If you notice changes in your loved one's bowel and bladder function, be sure to have your doctor rule out any acute (brief yet severe) medical problems, such as fecal impaction or a urinary tract infection, before assuming that the problems are simply due to late-stage Alzheimer's. To improve bowel and bladder function, try the following strategies:

  • Eliminate caffeinated beverages. Liquids that contain caffeine, such as coffee, tea, and some carbonated drinks tend to increase episodes of incontinence by increasing the flow of urine.
  • Reduce liquid consumption in the evening. While it's important to keep your loved one hydrated, try to reduce liquid consumption during the two hours before bedtime in order to reduce incidents of incontinence during the night.
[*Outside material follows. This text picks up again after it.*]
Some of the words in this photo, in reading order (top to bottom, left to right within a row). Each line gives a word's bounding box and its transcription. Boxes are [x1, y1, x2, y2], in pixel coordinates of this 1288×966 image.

  • Use protective briefs and absorbent bed pads. Briefs and pads are effective tools for handling incontinence, even when other strategies work most of the time.
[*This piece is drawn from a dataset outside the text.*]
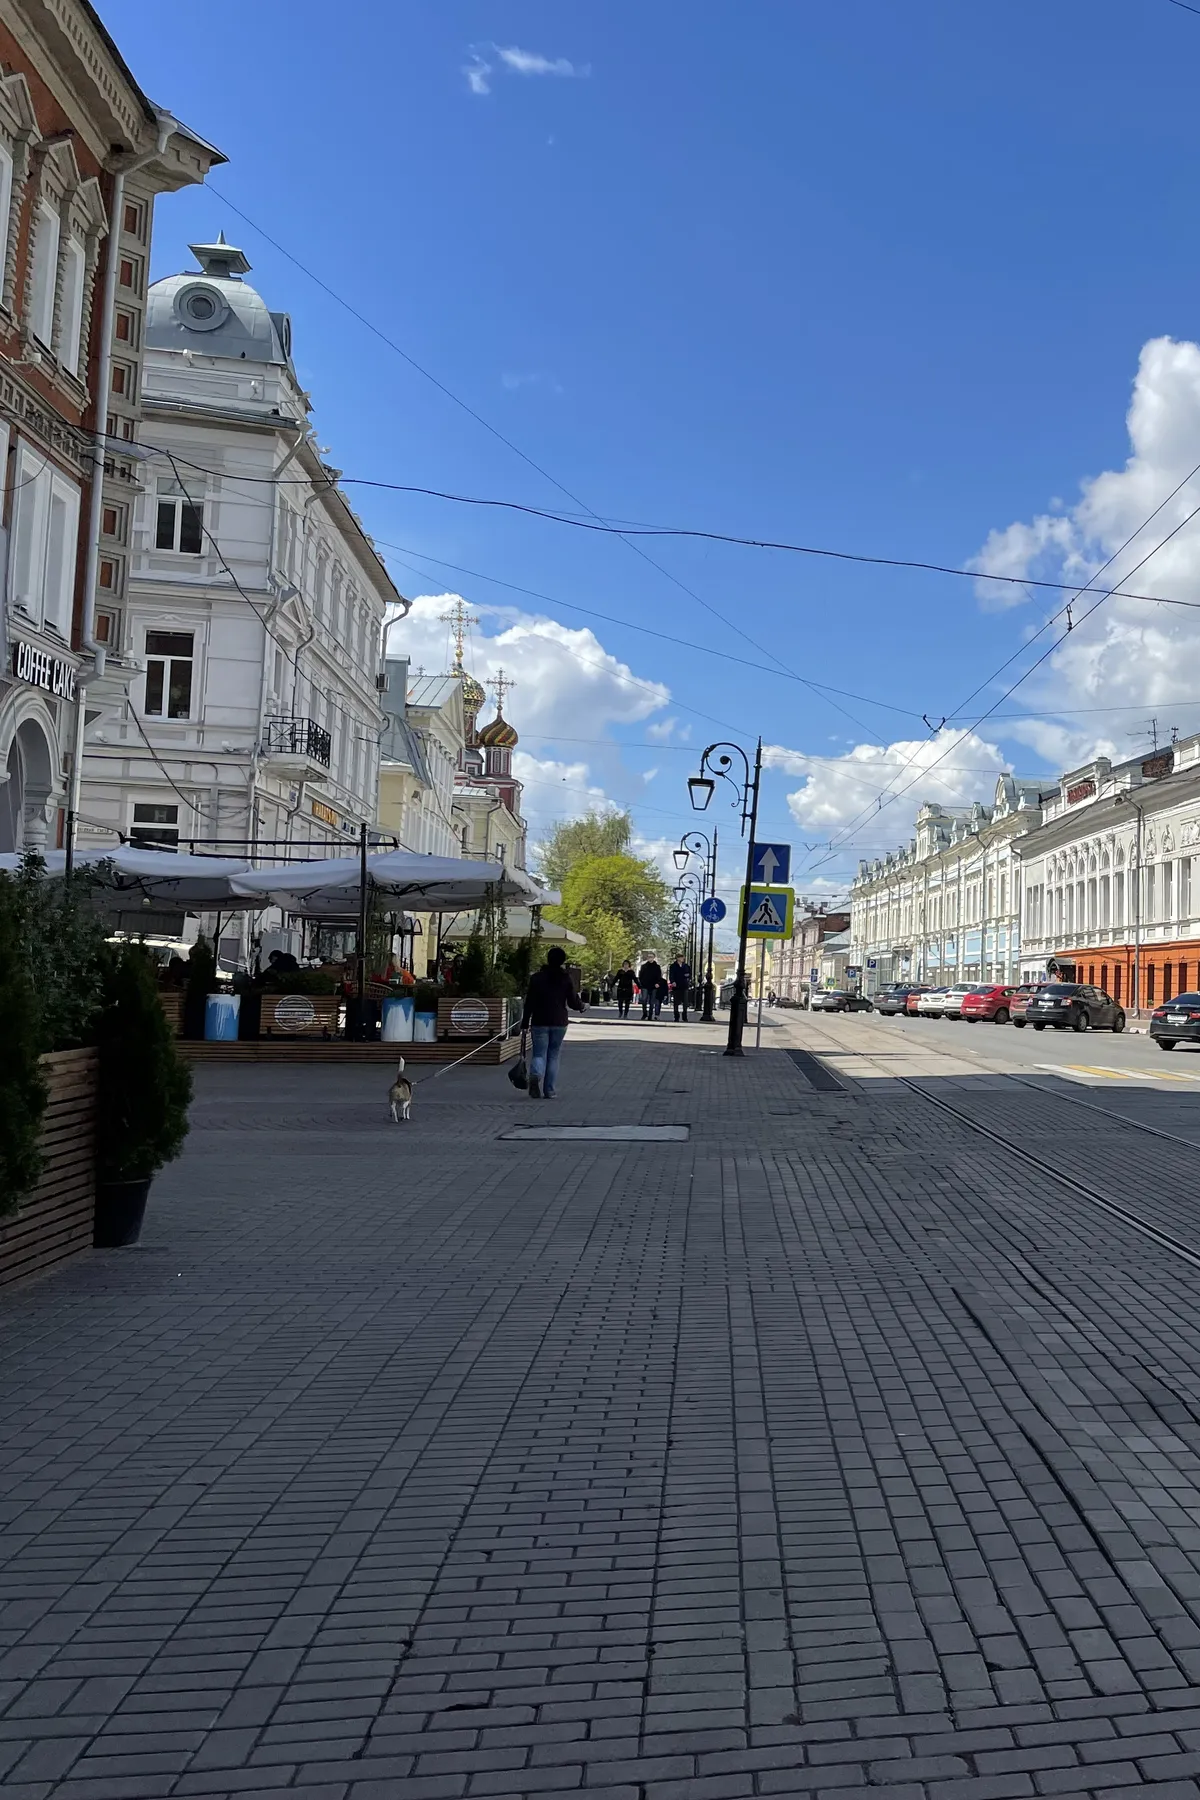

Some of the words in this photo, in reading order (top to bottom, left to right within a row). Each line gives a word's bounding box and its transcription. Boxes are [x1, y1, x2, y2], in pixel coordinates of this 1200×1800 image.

[17, 641, 52, 691] COFFEE
[52, 659, 76, 702] CAKE
[869, 960, 876, 968] P
[849, 970, 855, 978] P
  • Watch for constipation. While your loved one doesn't have to have a bowel movement every day, he or she shouldn't go three or more days without having a bowel movement. Adding natural laxatives to the diet can help (e.g., high-fiber snacks like prunes).
  • Follow a toileting schedule. People with late-stage Alzheimer's should be taken to the bathroom or given a bed pan every couple of hours. Keep a written chart documenting when your relative successfully goes to the bathroom as well as when and how much he eats and drinks. Tailor the toileting schedule to your loved one's unique toileting routine.
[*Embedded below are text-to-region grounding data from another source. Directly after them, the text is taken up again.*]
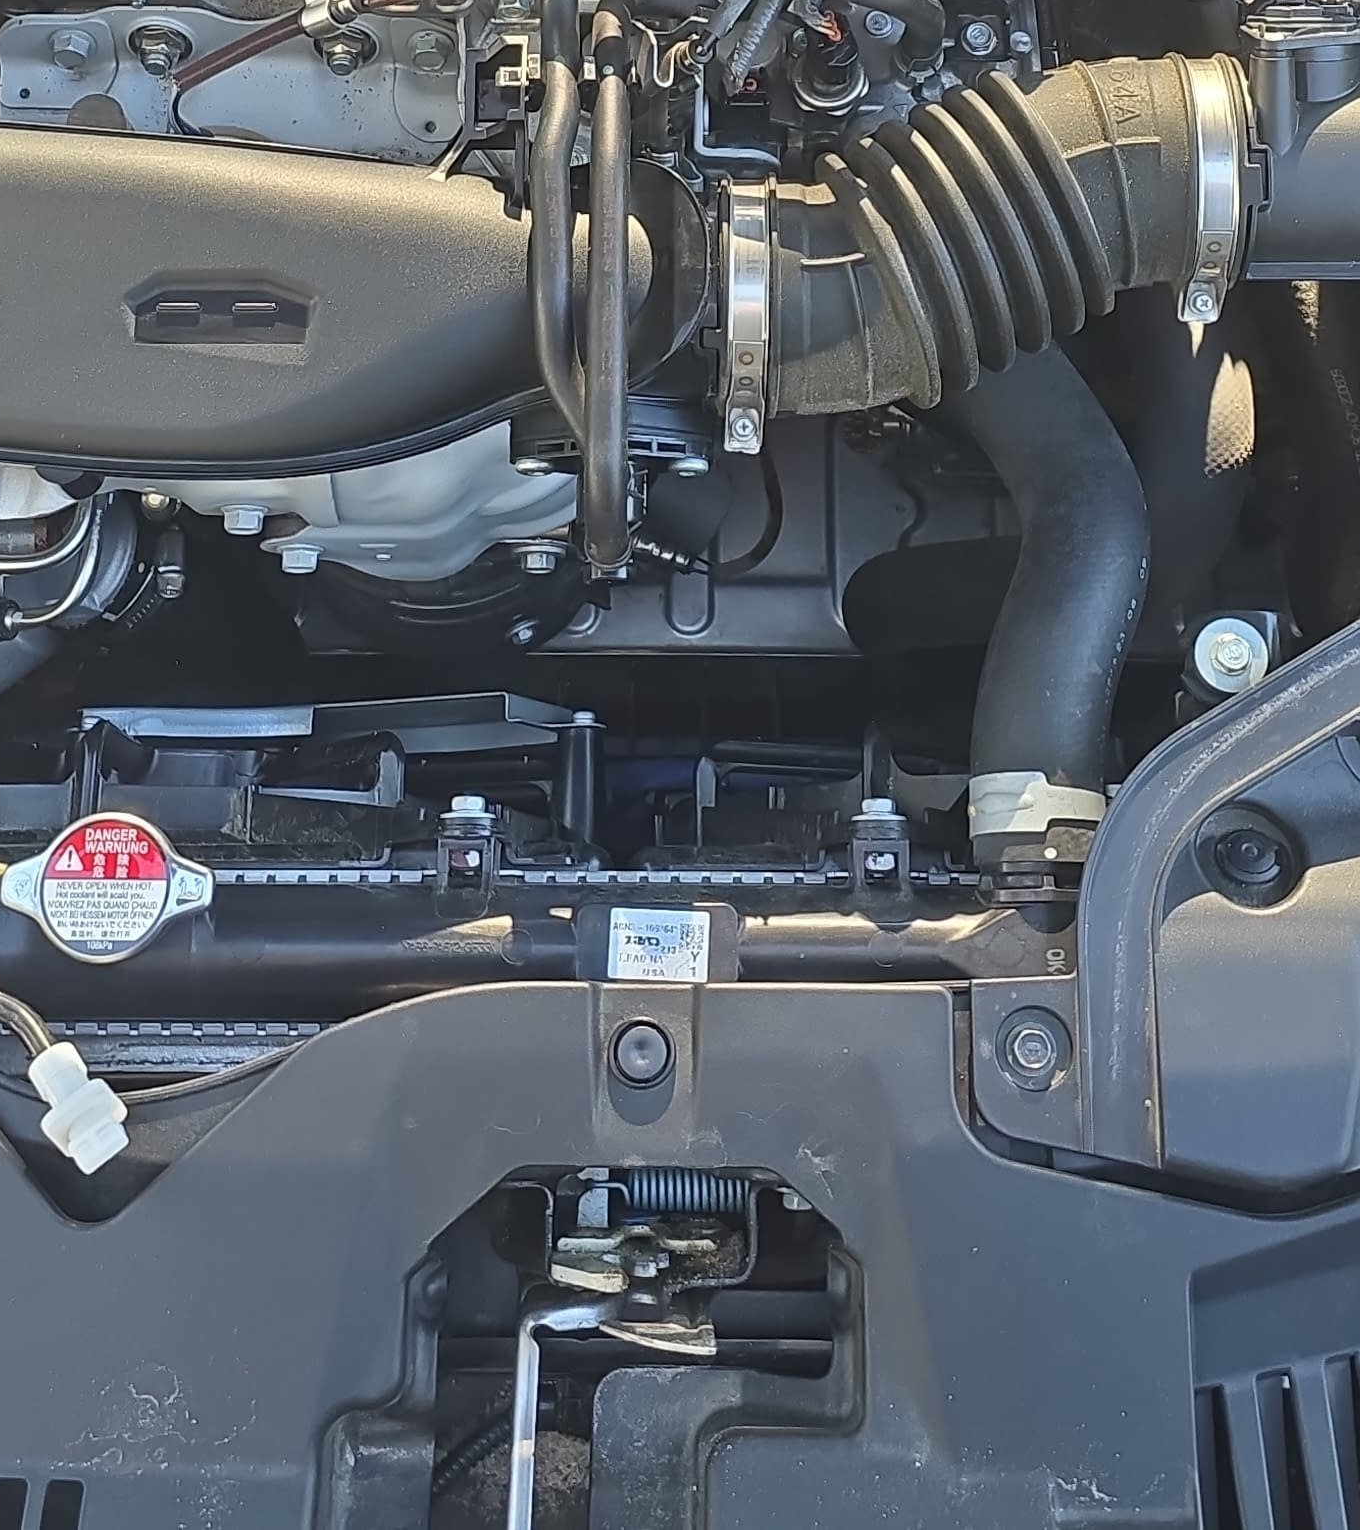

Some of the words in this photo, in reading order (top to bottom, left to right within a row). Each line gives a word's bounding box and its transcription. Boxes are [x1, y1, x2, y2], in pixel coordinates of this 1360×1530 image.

[85, 828, 138, 841] DANGER
[85, 841, 149, 854] WARNUNG
[57, 881, 84, 890] NEVER
[85, 881, 107, 890] OPEN
[109, 882, 133, 890] WHEN
[56, 891, 69, 899] Hot
[86, 901, 101, 909] PAS
[103, 901, 129, 909] QUAND
[131, 901, 157, 910] CHAUD
    Alzheimer's Association (2005). Late-stage care: Providing care and comfort during the late stage of Alzheimer's disease. Chicago, IL: Author.

    Mace, N. L., & Rabins, P. V. (2006). The 36-hour day: A family guide to caring for people with Alzheimer disease, other dementias, and memory loss in later life (4th ed.). Baltimore, MD: Johns Hopkins University Press.

    National Institutes of Health (2008). End of life: Helping with comfort and care (NIH Publication No. 08-6036). Washington, DC: U.S. Government Printing Office.